Abstract

This study presents a capillary‐pressure saturation (PC‐S) constitutive model that incorporates the capillary phenomena necessary for simulating the spatial distribution of nonwetting fluid migrating in a saturated porous medium. To develop a model validation data set, a sequence of dense, nonaqueous phase liquid (DNAPL) pools were emplaced, under alternating drainage and imbibition conditions, in a one‐dimensional, 1 m tall, saturated sand pack. A light transmission/image analysis system successfully distinguished between connected‐phase and residual nonwetting fluid in the apparatus, thereby permitting the accurate measurement of DNAPL pool heights.
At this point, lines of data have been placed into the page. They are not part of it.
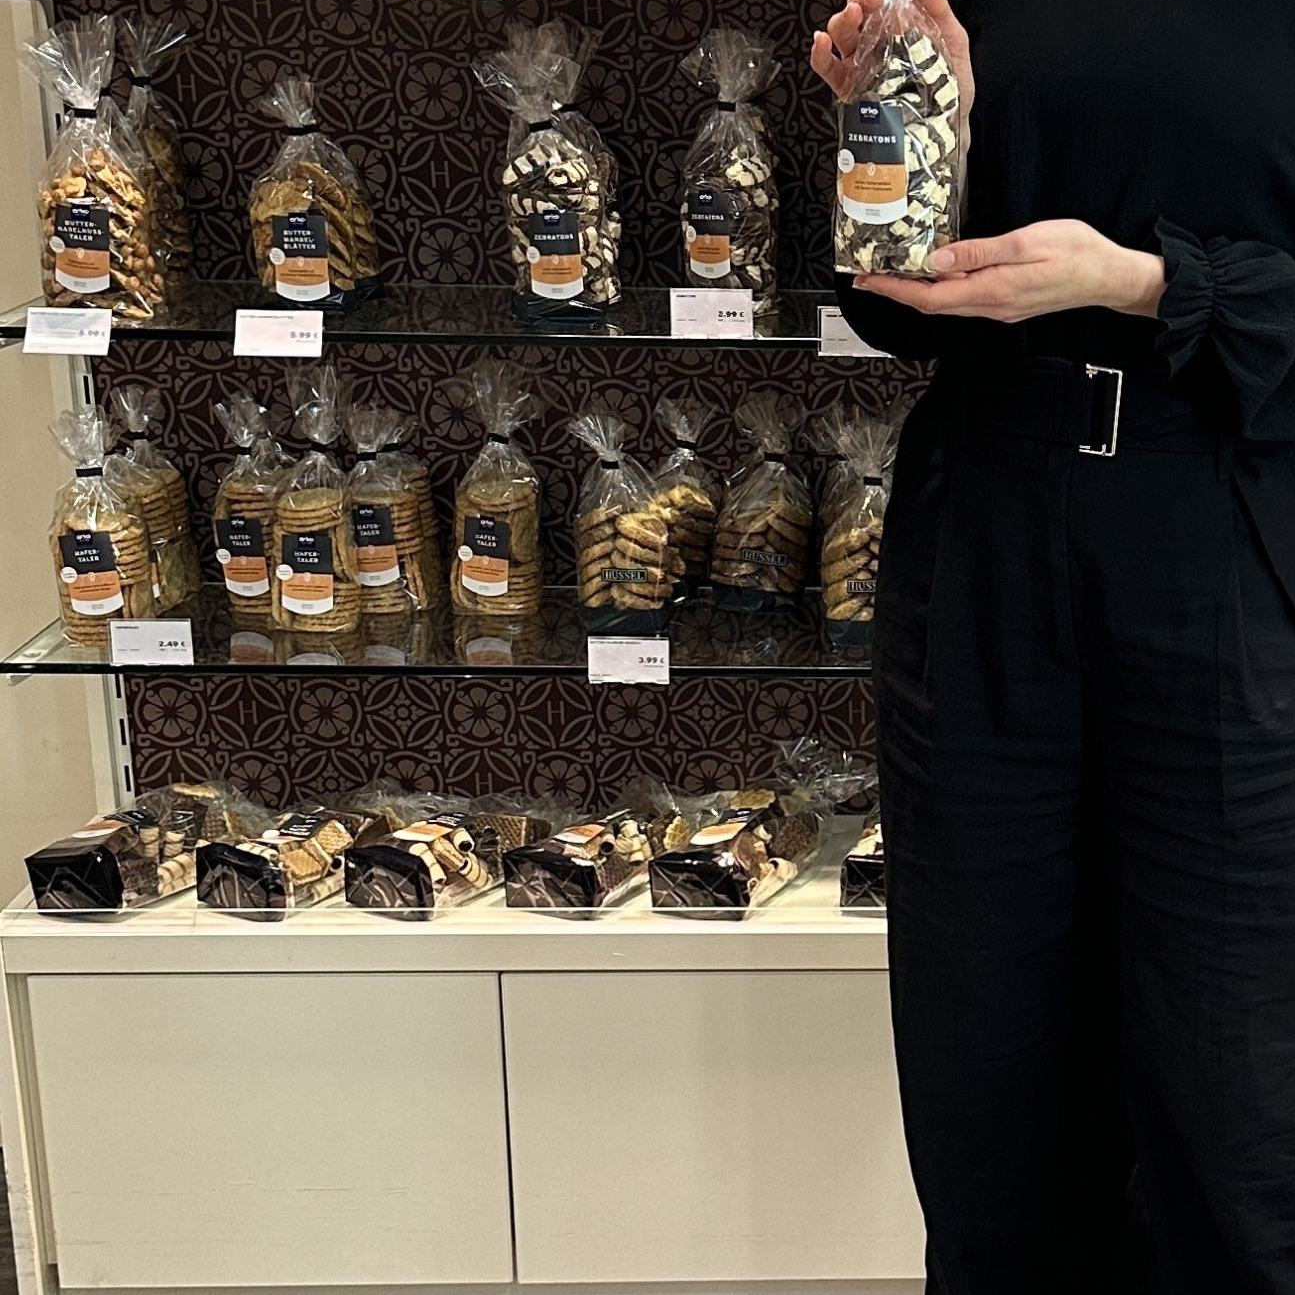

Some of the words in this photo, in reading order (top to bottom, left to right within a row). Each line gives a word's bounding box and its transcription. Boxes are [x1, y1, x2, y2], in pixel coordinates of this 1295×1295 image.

[860, 106, 879, 115] arko
[848, 133, 897, 144] ZEBRATONS
[745, 551, 784, 565] HUSSEL
[603, 570, 645, 581] HUSSEL
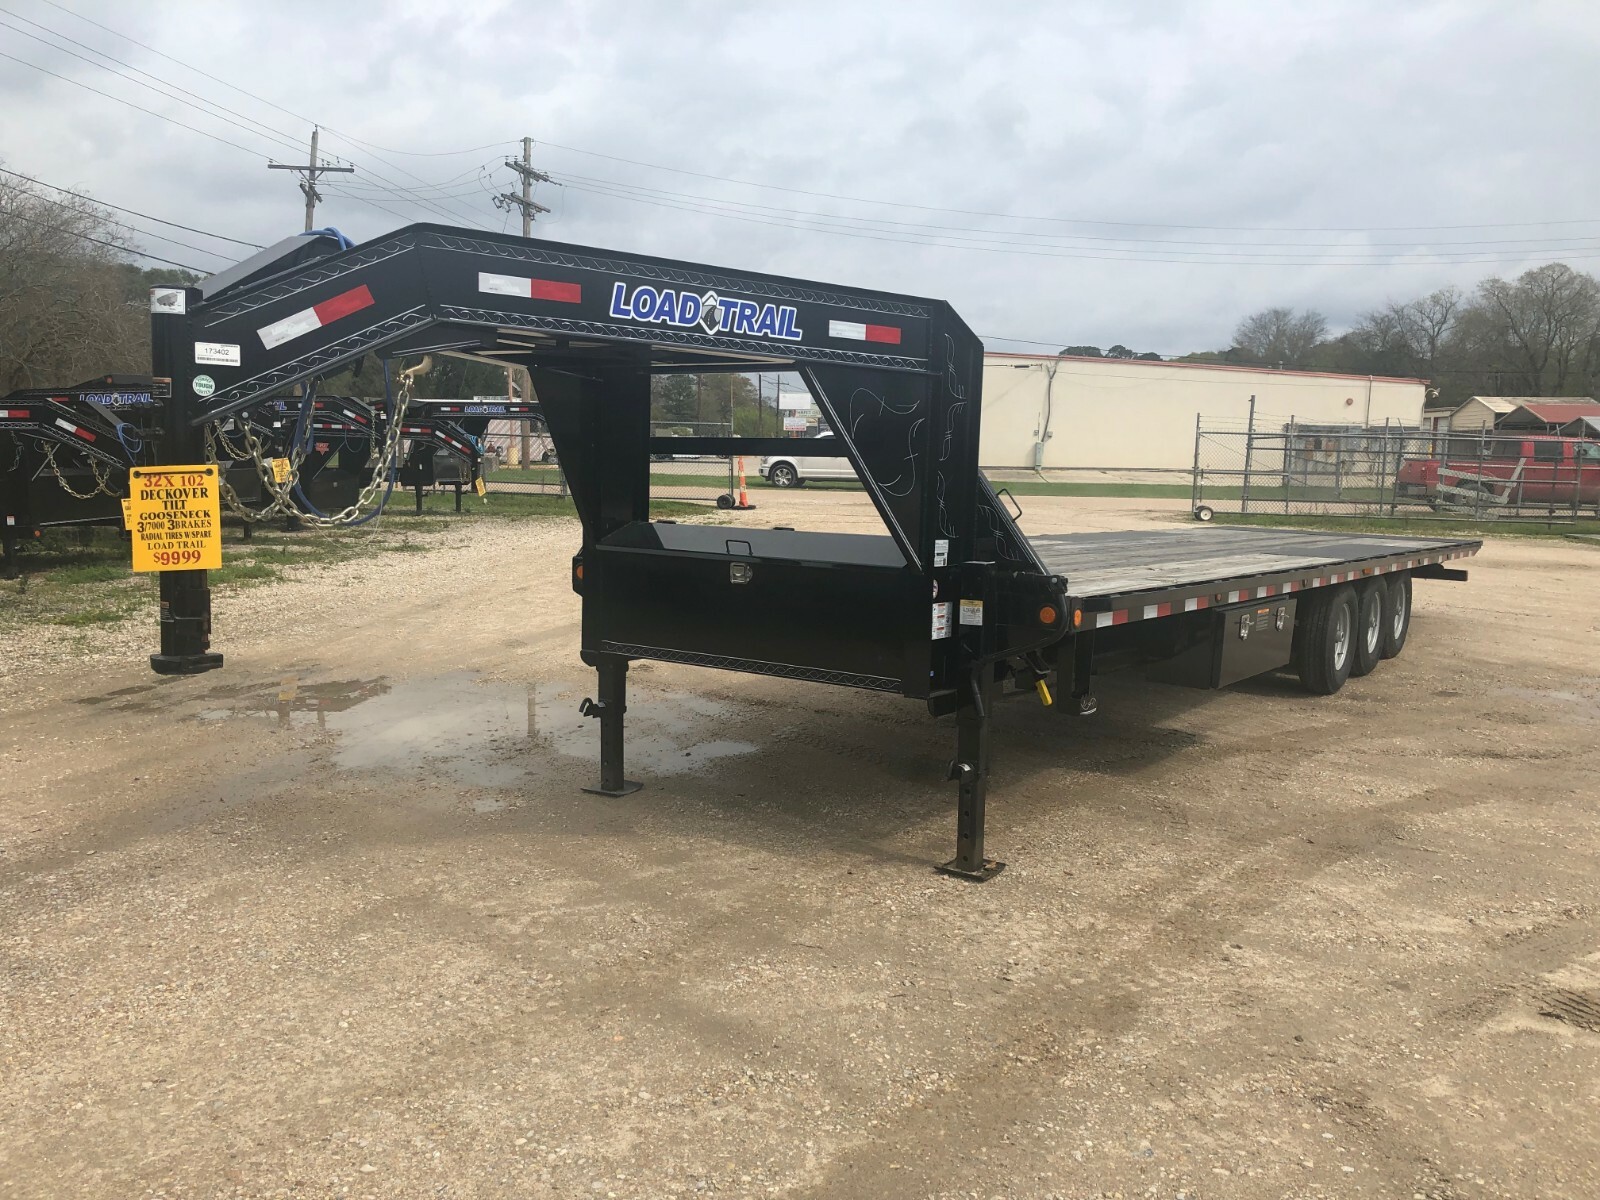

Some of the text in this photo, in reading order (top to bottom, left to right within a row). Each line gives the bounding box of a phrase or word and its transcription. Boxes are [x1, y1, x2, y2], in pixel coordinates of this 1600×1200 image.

[609, 281, 803, 341] LOAD TRAIL
[204, 347, 230, 356] 173402
[119, 393, 154, 404] TRAIL
[181, 474, 204, 487] 102
[140, 488, 209, 501] DECKOVER
[162, 500, 187, 510] TILT
[140, 510, 211, 521] GOOSENECK
[137, 521, 166, 533] 3/7000
[140, 532, 163, 541] RADIAL
[165, 531, 183, 540] TIRES
[147, 540, 207, 551] LOAD TRAIL
[153, 549, 202, 566] $9999
These heights are found to depend on the nonzero capillary pressure across the fluid‐fluid interface at the top of the pool. The terminal pressure is demonstrated to be the minimum sustainable capillary pressure in connected‐phase nonwetting fluid experiencing imbibition, below which residual is formed. Additional bench‐scale experiments demonstrate that a nonwetting phase pool will penetrate an underlying capillary barrier when the entry pressure is exceeded and that the resulting infiltration will terminate when the capillary pressure at the barrier reduces to the terminal pressure. At the macroscopic scale the terminal pressure corresponds to the extinction saturation (i.e., zero nonwetting phase flow) at the inflection point on the imbibition PC‐S curve. A ratio of terminal to entry pressure of approximately 0.6 is found to apply at both bench and macroscopic scales and to be independent of porous media and fluid properties. The developed PC‐S constitutive model, which extends the Brooks‐Corey function to incorporate the terminal pressure, successfully predicted the behavior observed in the laboratory experiments. Constitutive models that do not incorporate both an entry and a terminal pressure, such as those based upon the standard van Genuchten function, are demonstrated to be unable to predict the observed equilibrium DNAPL pool heights in homogeneous media or above capillary barriers.